(Beginning of Data listing)

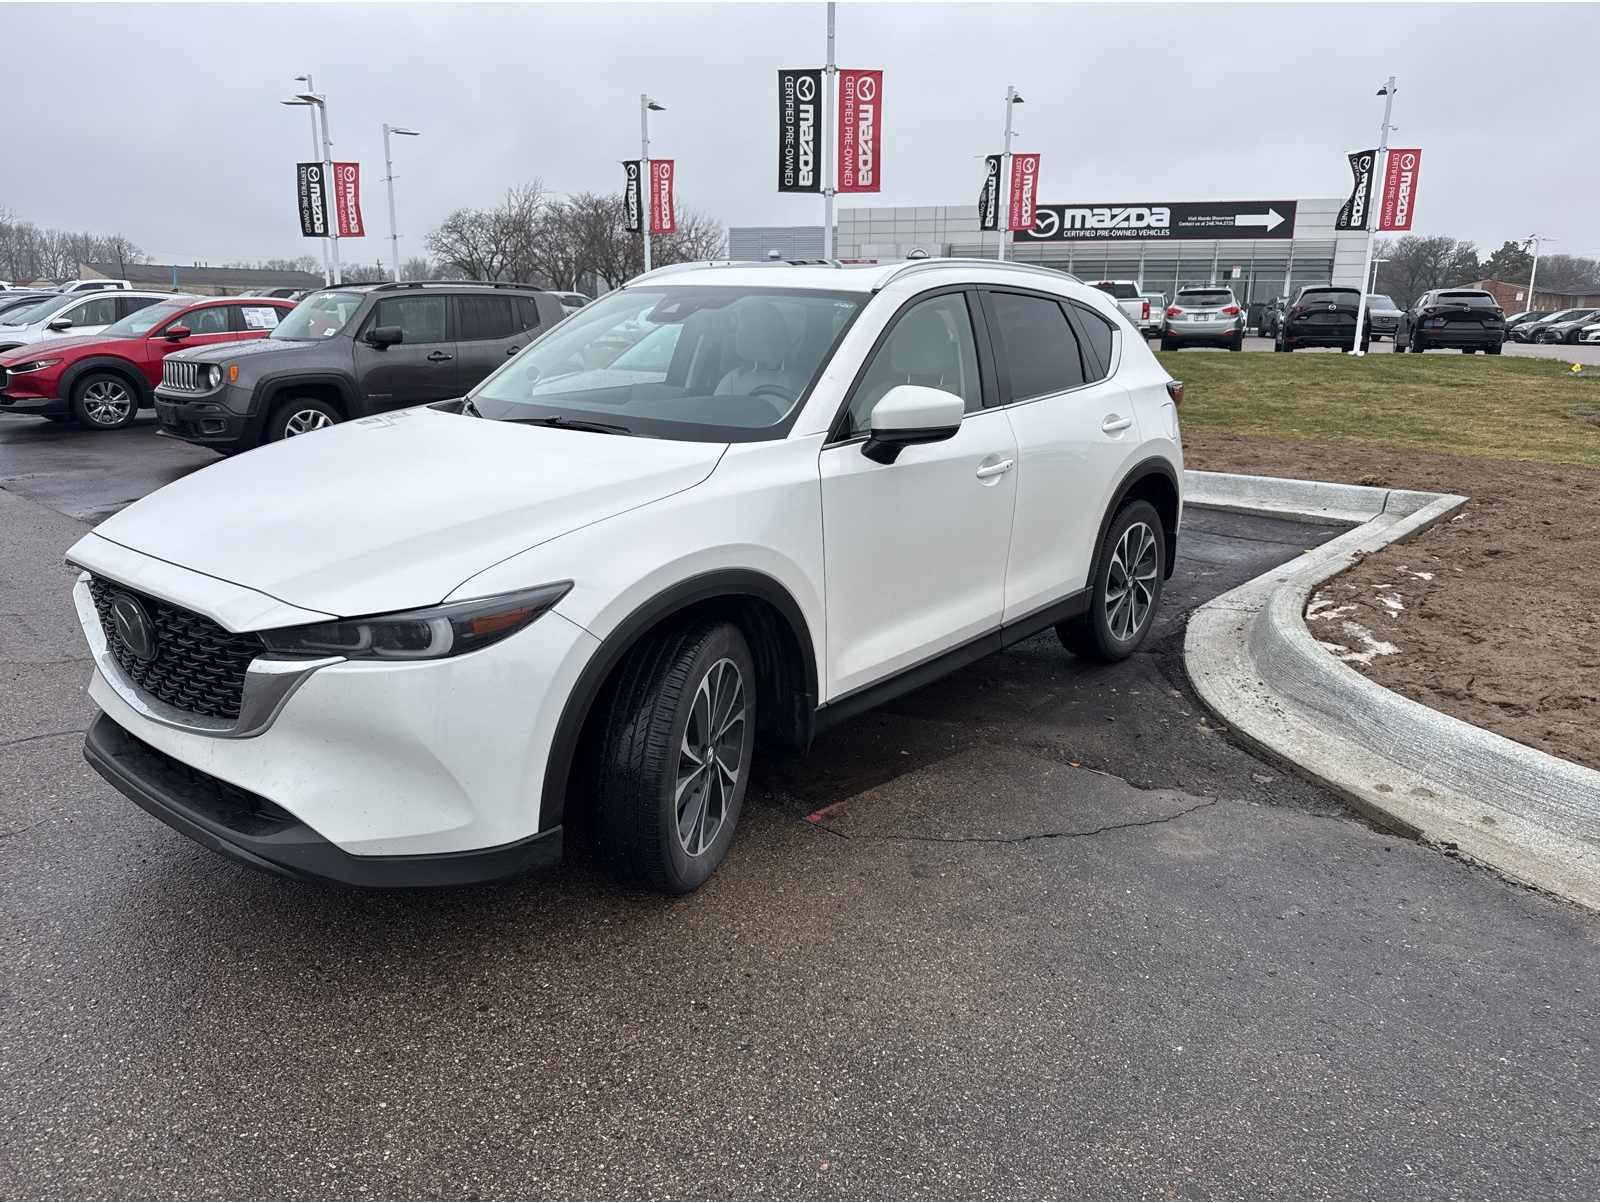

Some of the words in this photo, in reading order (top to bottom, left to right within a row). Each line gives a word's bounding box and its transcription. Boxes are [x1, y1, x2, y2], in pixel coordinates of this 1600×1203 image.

[784, 76, 794, 124] CERTIFIED
[845, 76, 854, 124] CERTIFIED
[784, 126, 794, 186] PRE-OWNED
[844, 127, 853, 186] PRE-OWNED
[1389, 153, 1400, 186] CERTIFIED
[302, 196, 312, 233] PRE-OWNED
[1383, 186, 1396, 227] PRE-OWNED
[1063, 230, 1095, 238] CERTIFIED
[1096, 229, 1137, 237] PRE-OWNED
[1138, 228, 1170, 237] VEHICLES

(End of Data listing)

- Exercise
Transcribe the entries above verbatim, omitting their pictures.

- Expected output
Some of the words in this photo, in reading order (top to bottom, left to right within a row). Each line gives a word's bounding box and its transcription. Boxes are [x1, y1, x2, y2], in pixel coordinates of this 1600×1203 image.

[784, 76, 794, 124] CERTIFIED
[845, 76, 854, 124] CERTIFIED
[784, 126, 794, 186] PRE-OWNED
[844, 127, 853, 186] PRE-OWNED
[1389, 153, 1400, 186] CERTIFIED
[302, 196, 312, 233] PRE-OWNED
[1383, 186, 1396, 227] PRE-OWNED
[1063, 230, 1095, 238] CERTIFIED
[1096, 229, 1137, 237] PRE-OWNED
[1138, 228, 1170, 237] VEHICLES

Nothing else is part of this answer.